Adds incremental mutation testing to mutmut by skipping mutants in unchanged code, with transitive invalidation via a runtime call graph. On re-runs, only mutants in functions whose source (or whose dependencies' source) changed are re-tested.

High-level

  • Incremental mutation testing which cuts down mutation run duration ~linearly relative to the ratio of code changed (less code is changed, faster the run goes).
    • In practice in large codebases this means a >95% reduction in runtime on average as the amount of code not changed far outweighs the amount of code changed
    • Utility functions are particularly susceptible to "cache busting", even a noop syntactic change that modifies the AST will cause invalidation of all call chains which rely on those functions (technically correct since the code did change, but something to be aware of)
  • UI support will come in a future PR

Commit Breakdown:

  1. feat: add function hashing for incremental mutation testing
  • Foundation: hash each function's source (SHA-256, 12 chars) and persist via hash_by_function_name on SourceFileMutationData. On subsequent runs, compare old vs. new hashes and reset mutant results to None for changed functions only.
  • Introduces MutationMetadata (line number, mutation type, human-readable description) carried on every Mutation and serialized to JSON, plus an OPERATOR_TO_TYPE mapping and helpers (_determine_mutation_type, _describe_mutation).
  • Tightens naming conventions (private helpers prefixed with _, MUTATION_OPERATORS constant) and adds explicit type annotations.
  • New e2e_projects/benchmark_1k/ project (1000 mutants across a broad range of mutation types) with configurable delays via BENCHMARK_IMPORT_DELAY, BENCHMARK_CONFTEST_DELAY, and BENCHMARK_TEST_DELAY.
  1. refactor: relocate formatting utils
  • Consolidates formatting helpers previously scattered across __main__.py, file_mutation.py, and trampoline_templates.py into src/mutmut/utils/format_utils.py.
  • Pure code move with no behavior change; tests updated to import from the new location.
  1. feat: Add dependency tracking with function hash persistence
    • Builds the transitive invalidation layer on top of (1):
    • New MutmutState dataclass + state() singleton (state.py) consolidating old_function_hashes, current_function_hashes, and function_dependencies instead of leaking module-level globals.
    • New core.py with MutmutCallStack (backed by ContextVar for async/thread safety) and a relocated record_trampoline_hit that now records caller→callee edges during stats collection.
    • Trampoline updated to track call depth and emit dependency edges.
    • load_stats/save_stats extended to persist function_hashes and dependencies in mutmut-stats.json.
    • _cleanup_stale_stats and _invalidate_stale_dependency_edges prune state for functions that no longer exist or whose hashes changed, and transitively invalidate callers of changed callees.
    • New config options: track_dependencies and dependency_tracking_depth.
    • README/docs updated to describe the feature.

Known Issues

  • Because we only track dependencies at runtime through the trampoline logic, un-mutated function are omitted in the dependency graph that is built. The call graph represents the call graph of mutated functions not the global one.
  • We end up looping on all walkable files a few times, pushing time complexity higher than before.
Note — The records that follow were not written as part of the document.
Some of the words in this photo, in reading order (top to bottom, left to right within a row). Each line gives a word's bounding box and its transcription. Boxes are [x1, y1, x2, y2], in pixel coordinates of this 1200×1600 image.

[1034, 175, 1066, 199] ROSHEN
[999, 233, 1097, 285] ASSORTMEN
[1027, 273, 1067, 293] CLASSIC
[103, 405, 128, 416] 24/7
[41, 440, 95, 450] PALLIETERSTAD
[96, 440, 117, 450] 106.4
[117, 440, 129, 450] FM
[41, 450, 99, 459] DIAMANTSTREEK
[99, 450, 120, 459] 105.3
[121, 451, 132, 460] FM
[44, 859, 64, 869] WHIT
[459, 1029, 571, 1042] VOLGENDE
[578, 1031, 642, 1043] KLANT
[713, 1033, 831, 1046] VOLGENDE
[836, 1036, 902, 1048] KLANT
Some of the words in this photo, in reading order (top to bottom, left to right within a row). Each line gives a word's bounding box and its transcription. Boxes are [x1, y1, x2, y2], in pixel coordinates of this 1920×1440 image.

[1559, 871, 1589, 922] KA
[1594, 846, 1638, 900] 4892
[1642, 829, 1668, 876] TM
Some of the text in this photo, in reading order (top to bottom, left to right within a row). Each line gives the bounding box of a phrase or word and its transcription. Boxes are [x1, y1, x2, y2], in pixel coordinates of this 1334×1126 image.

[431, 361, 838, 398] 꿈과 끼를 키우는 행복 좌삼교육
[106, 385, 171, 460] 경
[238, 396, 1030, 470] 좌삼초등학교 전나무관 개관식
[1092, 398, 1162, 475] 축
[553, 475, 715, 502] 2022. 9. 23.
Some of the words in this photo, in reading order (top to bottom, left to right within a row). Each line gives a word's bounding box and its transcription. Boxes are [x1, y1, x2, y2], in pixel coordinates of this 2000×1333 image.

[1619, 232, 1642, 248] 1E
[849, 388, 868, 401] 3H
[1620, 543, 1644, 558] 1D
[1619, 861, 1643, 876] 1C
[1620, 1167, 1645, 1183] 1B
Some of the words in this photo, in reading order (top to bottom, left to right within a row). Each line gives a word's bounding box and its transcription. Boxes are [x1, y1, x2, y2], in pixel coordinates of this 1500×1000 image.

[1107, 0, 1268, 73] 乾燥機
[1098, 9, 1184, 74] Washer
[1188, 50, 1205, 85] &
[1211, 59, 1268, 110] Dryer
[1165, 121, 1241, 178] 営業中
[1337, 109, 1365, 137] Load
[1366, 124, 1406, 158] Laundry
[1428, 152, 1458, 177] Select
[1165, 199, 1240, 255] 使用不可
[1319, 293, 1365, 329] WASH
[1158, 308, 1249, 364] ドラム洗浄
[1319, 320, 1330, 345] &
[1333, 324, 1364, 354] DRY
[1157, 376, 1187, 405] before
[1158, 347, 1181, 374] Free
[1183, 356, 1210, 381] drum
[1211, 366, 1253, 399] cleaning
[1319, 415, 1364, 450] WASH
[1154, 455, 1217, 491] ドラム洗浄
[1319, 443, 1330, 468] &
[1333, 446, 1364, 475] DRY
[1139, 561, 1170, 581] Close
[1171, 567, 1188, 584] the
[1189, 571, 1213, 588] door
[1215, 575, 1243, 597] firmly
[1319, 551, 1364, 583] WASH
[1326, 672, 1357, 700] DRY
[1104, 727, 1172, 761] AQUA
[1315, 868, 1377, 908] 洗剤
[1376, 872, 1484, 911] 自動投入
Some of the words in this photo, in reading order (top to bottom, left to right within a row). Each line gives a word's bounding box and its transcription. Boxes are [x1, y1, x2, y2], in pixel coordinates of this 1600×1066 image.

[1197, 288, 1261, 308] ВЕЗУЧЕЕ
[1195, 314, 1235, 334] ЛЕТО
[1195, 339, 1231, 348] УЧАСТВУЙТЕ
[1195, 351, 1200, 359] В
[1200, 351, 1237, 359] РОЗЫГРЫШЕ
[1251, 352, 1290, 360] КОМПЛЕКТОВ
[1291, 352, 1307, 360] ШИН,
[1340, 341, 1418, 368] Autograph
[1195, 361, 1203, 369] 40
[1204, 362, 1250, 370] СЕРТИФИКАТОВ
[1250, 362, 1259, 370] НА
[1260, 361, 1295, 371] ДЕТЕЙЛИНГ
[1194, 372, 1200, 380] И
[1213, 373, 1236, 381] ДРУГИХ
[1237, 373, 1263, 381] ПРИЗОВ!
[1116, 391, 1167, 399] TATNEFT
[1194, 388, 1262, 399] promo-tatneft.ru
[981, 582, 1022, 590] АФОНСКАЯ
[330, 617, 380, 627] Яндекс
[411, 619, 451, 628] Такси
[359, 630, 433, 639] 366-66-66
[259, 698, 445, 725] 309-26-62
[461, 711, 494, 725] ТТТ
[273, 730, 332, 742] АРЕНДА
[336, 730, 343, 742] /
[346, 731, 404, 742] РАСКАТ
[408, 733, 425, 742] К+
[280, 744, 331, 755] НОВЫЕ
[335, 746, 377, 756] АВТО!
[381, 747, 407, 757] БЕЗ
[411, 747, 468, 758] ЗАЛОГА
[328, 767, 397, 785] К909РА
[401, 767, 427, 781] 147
This is still a smaller penalty than the caching gain but definitely something that can be improves
  • The "cache" is in the form of a json file right now, which is horrifically inefficient for the sparse reads/writes which is typical in this workfow, moving to an sqlite-based store of the state could unlock some significant storage and parallelism breakthroughs
    • I have a follow-up PR that will branch out into different forking strategies that could be extended to include easy hookups for this kind of reporting strategy.

This commit implements function-level hashing to skip re-testing unchanged
mutants, along with fixes for mypy type errors and architectural improvements.

A follow-up commit will implement transitive invalidation of mutants based on
function call graphs and the new hashing mechanism.

INCREMENTAL MUTATION TESTING
- Add _compute_function_hashes() in file_mutation.py to generate SHA-256 hashes
  (truncated to 12 chars) for each mutated function's source code
- Store hash_by_function_name in SourceFileMutationData for persistence
- On subsequent runs, compare old vs new hashes to identify changed functions
- Reset mutant results to None (needs re-testing) when function hash changes
- Return changed_functions and current_hashes from create_mutants_for_file()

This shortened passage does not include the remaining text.